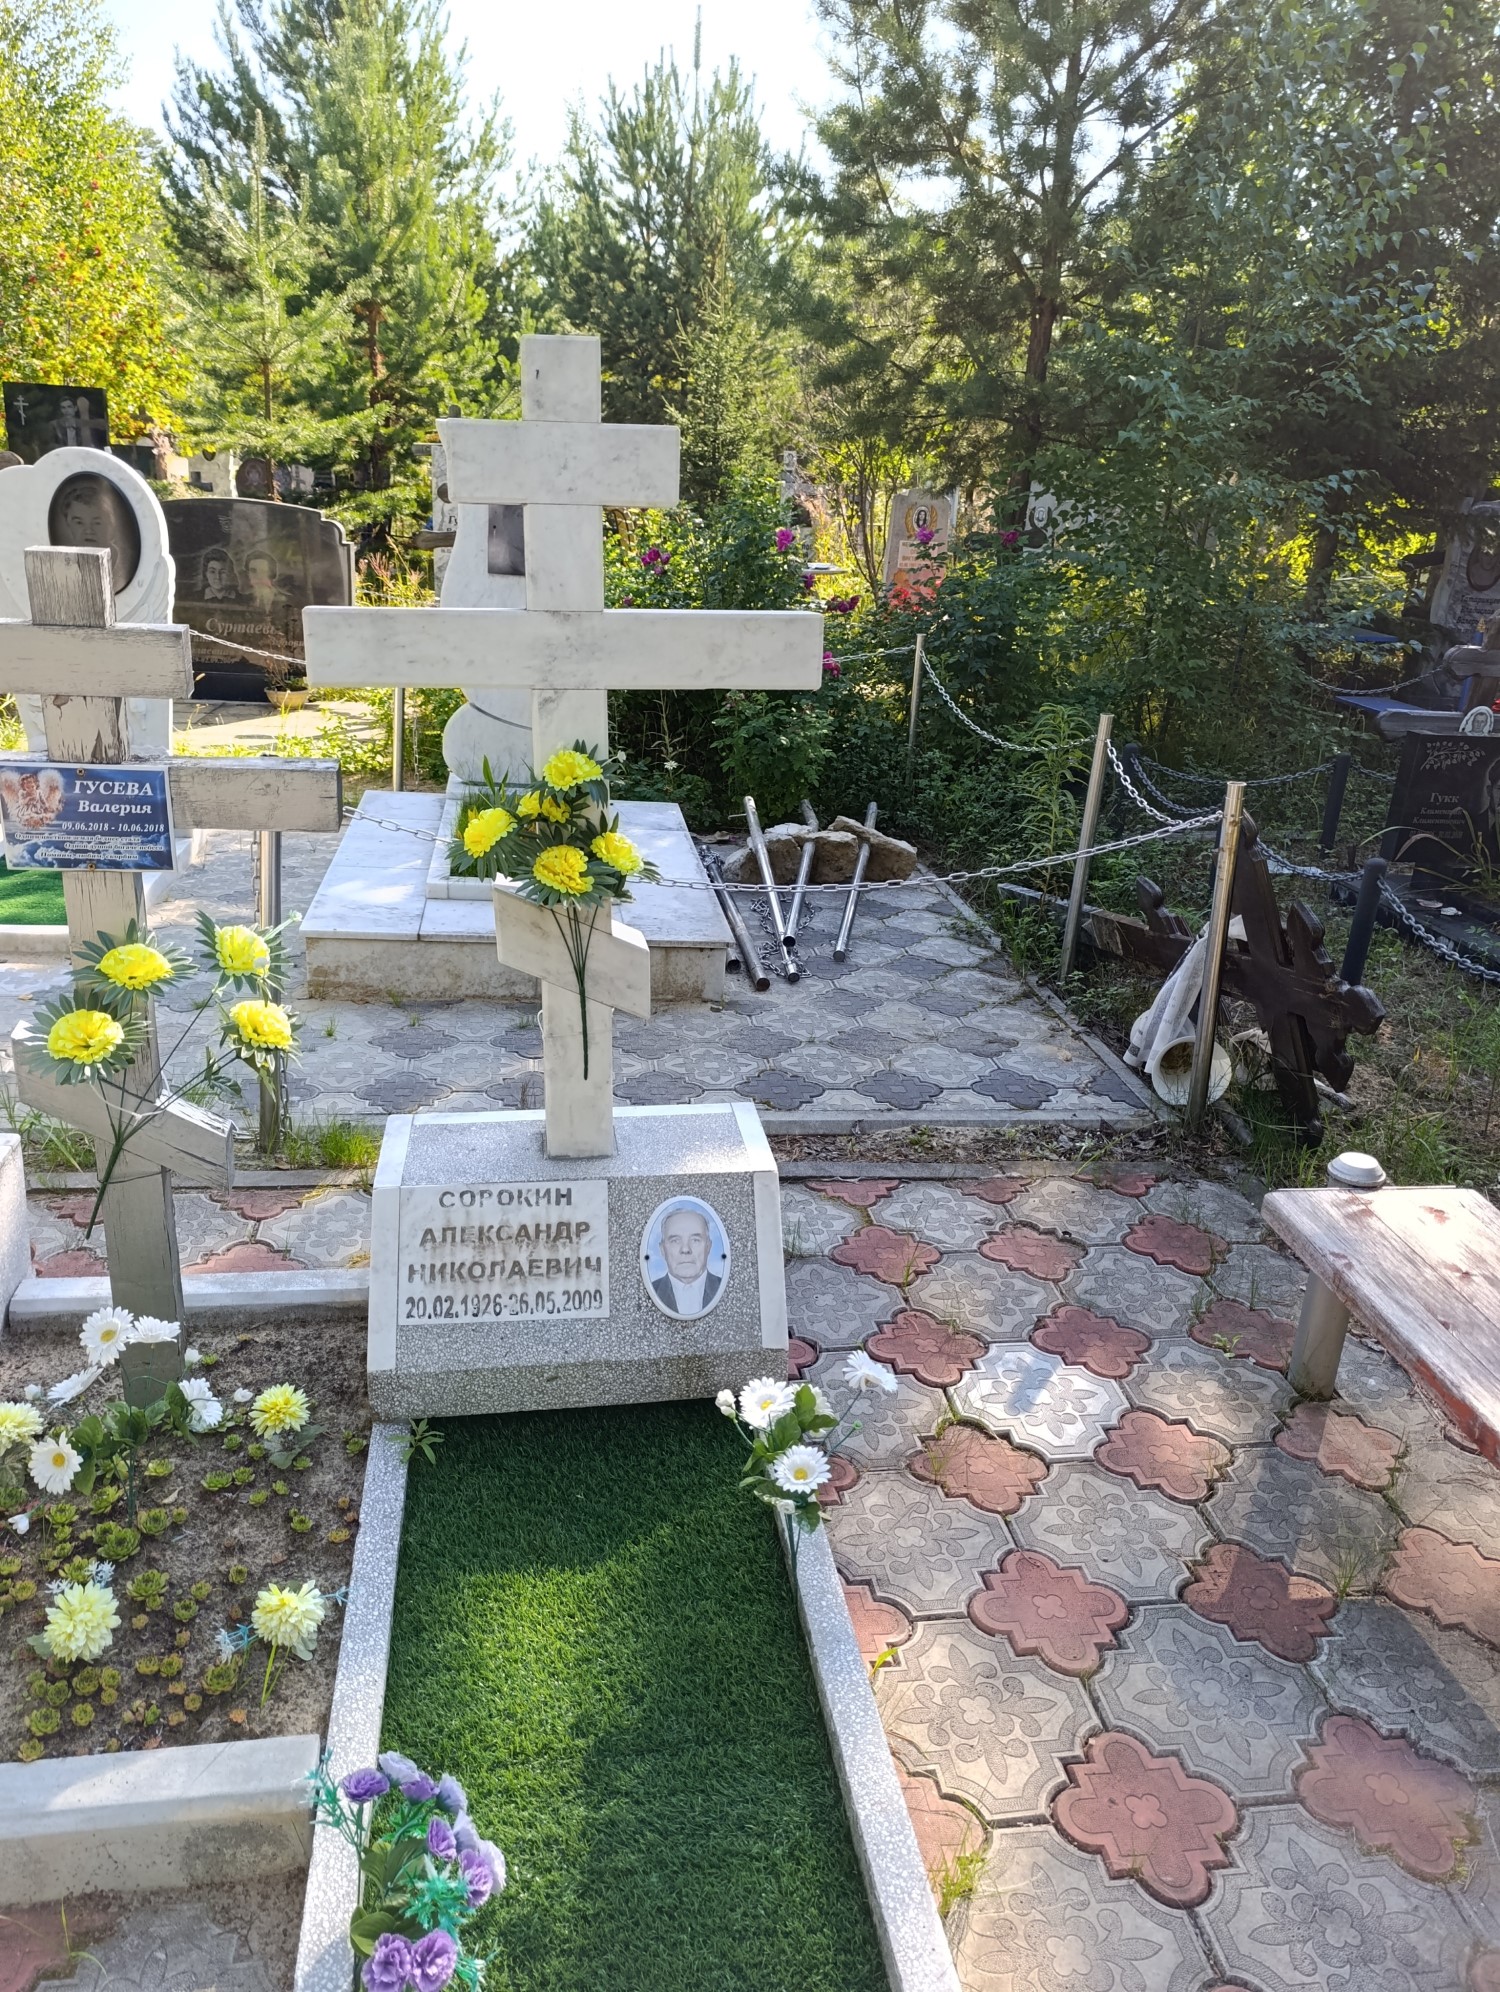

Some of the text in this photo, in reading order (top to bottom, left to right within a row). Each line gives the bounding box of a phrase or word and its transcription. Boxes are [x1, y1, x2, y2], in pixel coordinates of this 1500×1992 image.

[73, 780, 154, 796] ГУСЕВА
[1430, 792, 1460, 805] Гукк
[77, 800, 153, 816] Валерия
[62, 822, 109, 831] 09.06.2018
[118, 823, 165, 832] 10.06.2018
[438, 1187, 573, 1208] СОРОКИН
[419, 1221, 591, 1247] АЛЕКСАНДР
[407, 1256, 602, 1284] НИКОЛАЕВИЧ
[405, 1289, 603, 1319] 20.02.1926-26.05.2009
§ §
▶ [PROBLEM STATEMENT]: Copy the data character for character, but drop all pictures from the copy.

▶ [TASK OUTPUT]:
Some of the text in this photo, in reading order (top to bottom, left to right within a row). Each line gives the bounding box of a phrase or word and its transcription. Boxes are [x1, y1, x2, y2], in pixel coordinates of this 1500×1992 image.

[73, 780, 154, 796] ГУСЕВА
[1430, 792, 1460, 805] Гукк
[77, 800, 153, 816] Валерия
[62, 822, 109, 831] 09.06.2018
[118, 823, 165, 832] 10.06.2018
[438, 1187, 573, 1208] СОРОКИН
[419, 1221, 591, 1247] АЛЕКСАНДР
[407, 1256, 602, 1284] НИКОЛАЕВИЧ
[405, 1289, 603, 1319] 20.02.1926-26.05.2009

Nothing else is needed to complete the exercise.